Однако на набережной Саут-стрит уже стало тихо, и им удалось причалить и выбраться из лодки. Теодор дал старику несколько долларов. Несмотря на протесты Гретхен, ее уговорили отправить на Бауэри Теодора, а самой пойти с Мэри в салун Шона, до которого было недалеко.
– Если где и есть безопасное место, то это у Шона, – уверенно заявила Мэри.
Шон как раз запирал дверь, когда они дошли до салуна. Он быстро втолкнул их внутрь, не сильно обрадованный визитом.
– Я-то думал, что вы на Кони-Айленде и вам ничего не грозит, – раскипятился он. Но проявил понимание. – Мать спешит к детям, – сказал он Гретхен и пожал плечами. – Что тут поделаешь?
Через полчаса пришел Теодор. Дети были у дедушки и бабушки.
– Я могу тебя отвести без всяких проблем, – сказал он сестре.
Уходя, он мягко обратился к Мэри:
– Мы еще поговорим, Мэри, когда все закончится.

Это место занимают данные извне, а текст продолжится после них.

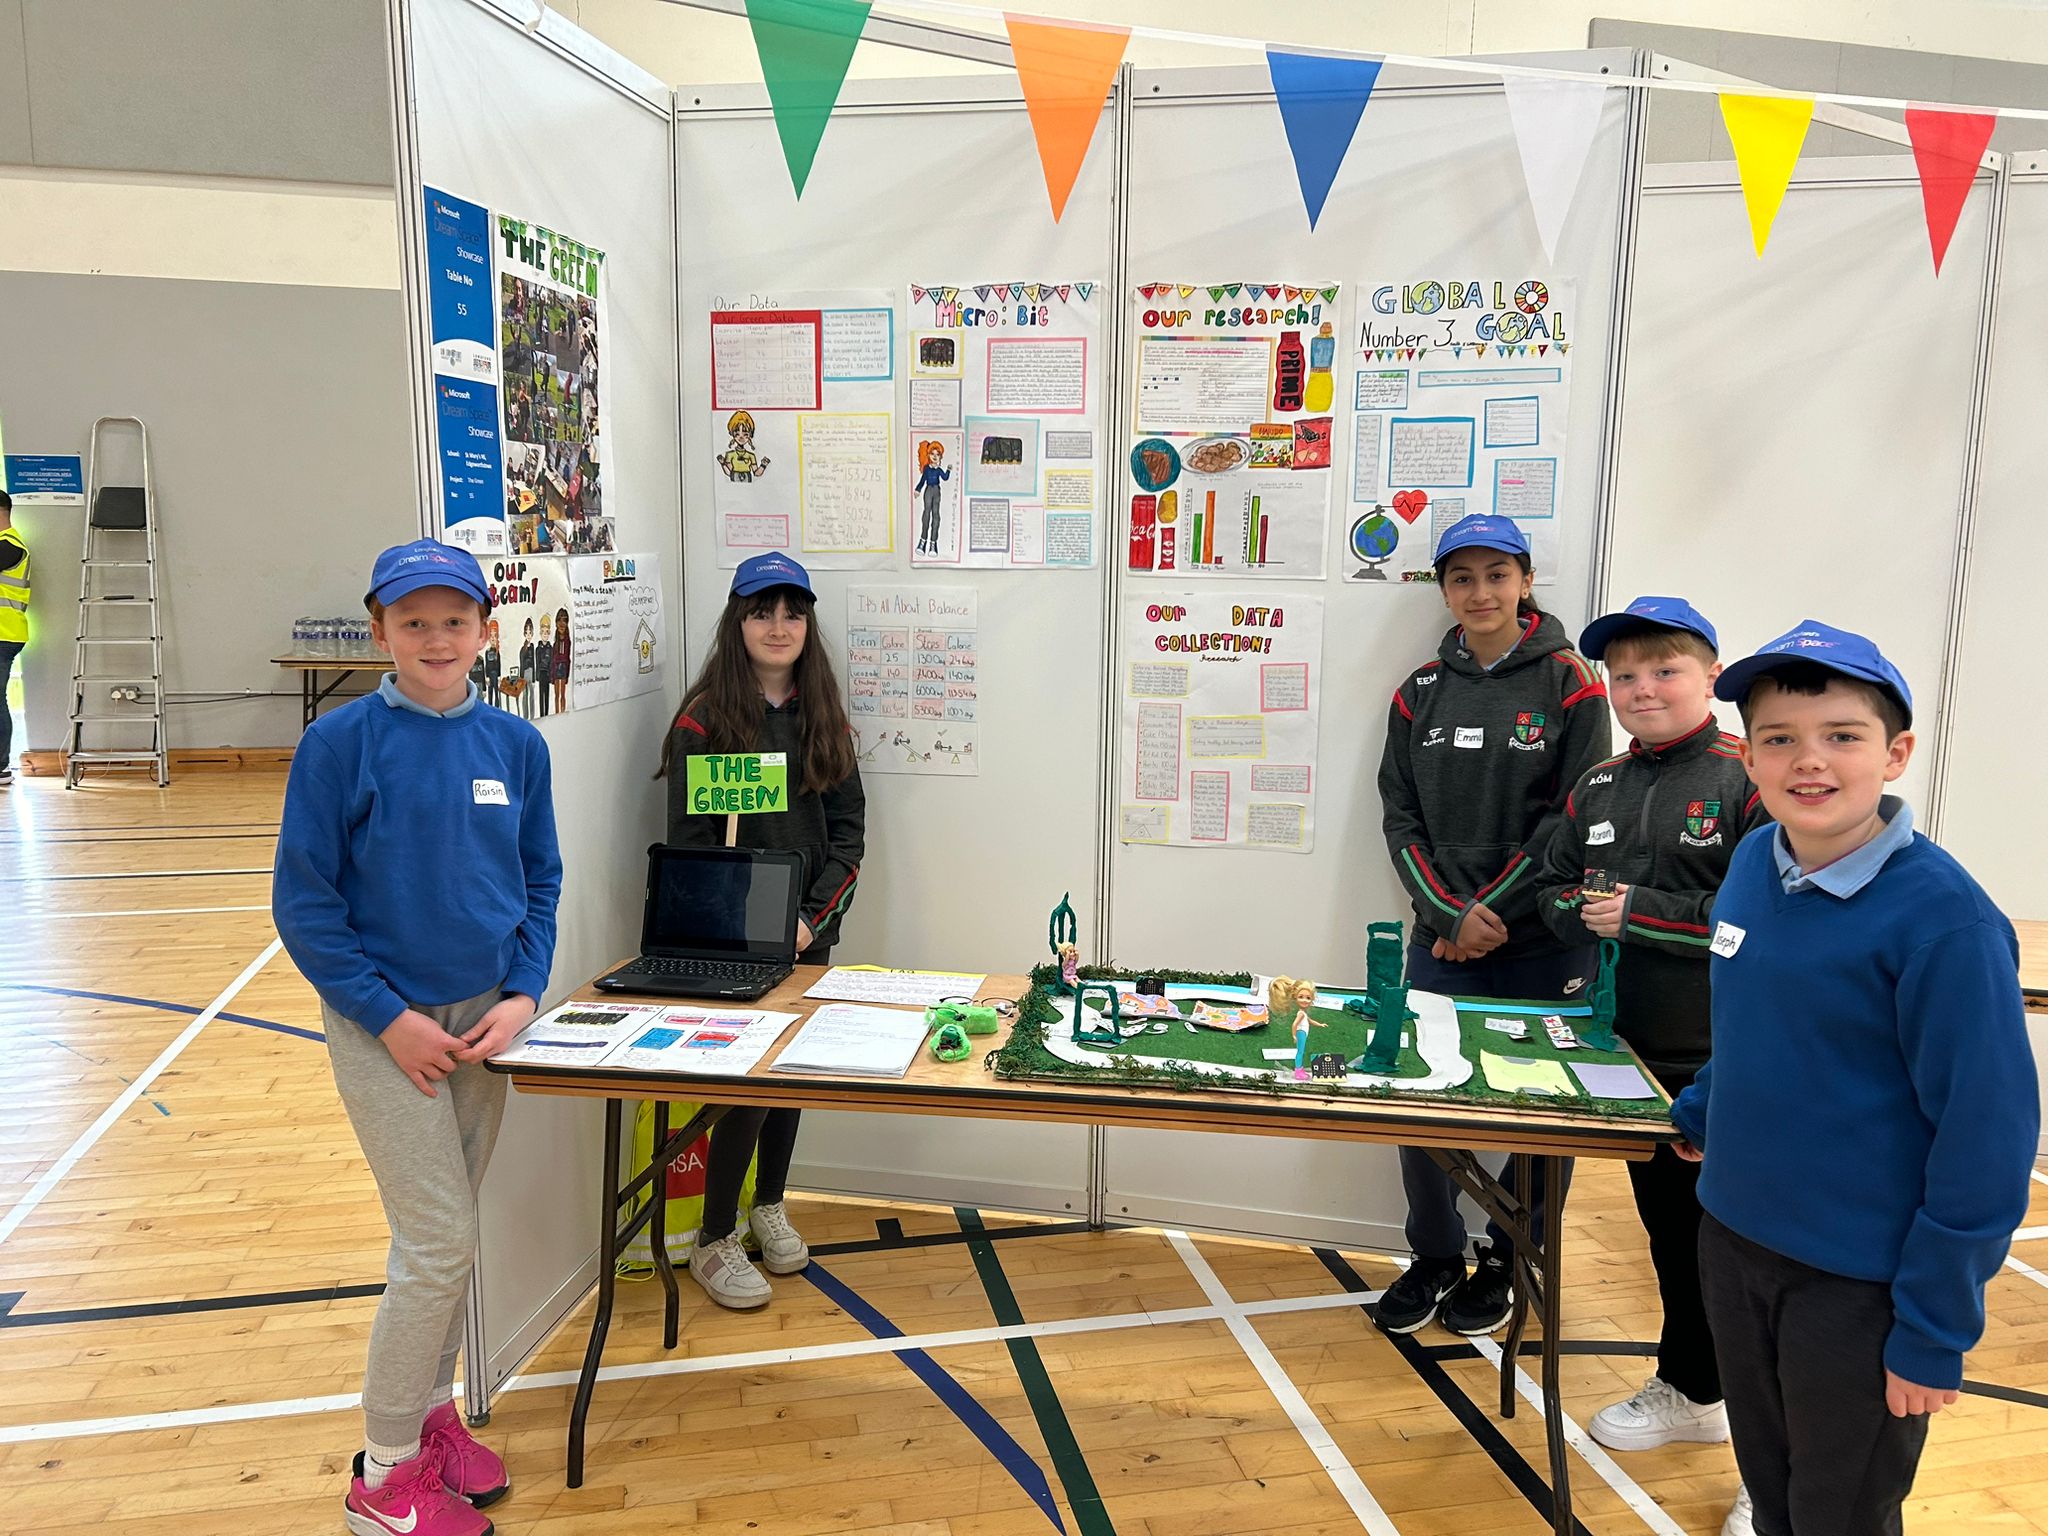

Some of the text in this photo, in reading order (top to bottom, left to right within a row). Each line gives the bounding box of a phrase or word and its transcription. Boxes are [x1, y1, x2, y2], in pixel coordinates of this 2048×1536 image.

– Возможно, – сказала она.
Он не отступится. Если она появится в ателье, то уж наверняка. Но на Кони-Айленде было одно, а теперь в городе – другое. Она вернулась в привычный мир. Ладно, там будет видно.
Сейчас же главным было понять: куда ей податься сию секунду?
– Побудь-ка ты здесь, – сказал Шон. Когда она выразила желание отправиться в Грамерси-парк, он повторил: – Я не знаю, что там творится, а здесь, с родными, тебе всяко будет спокойнее.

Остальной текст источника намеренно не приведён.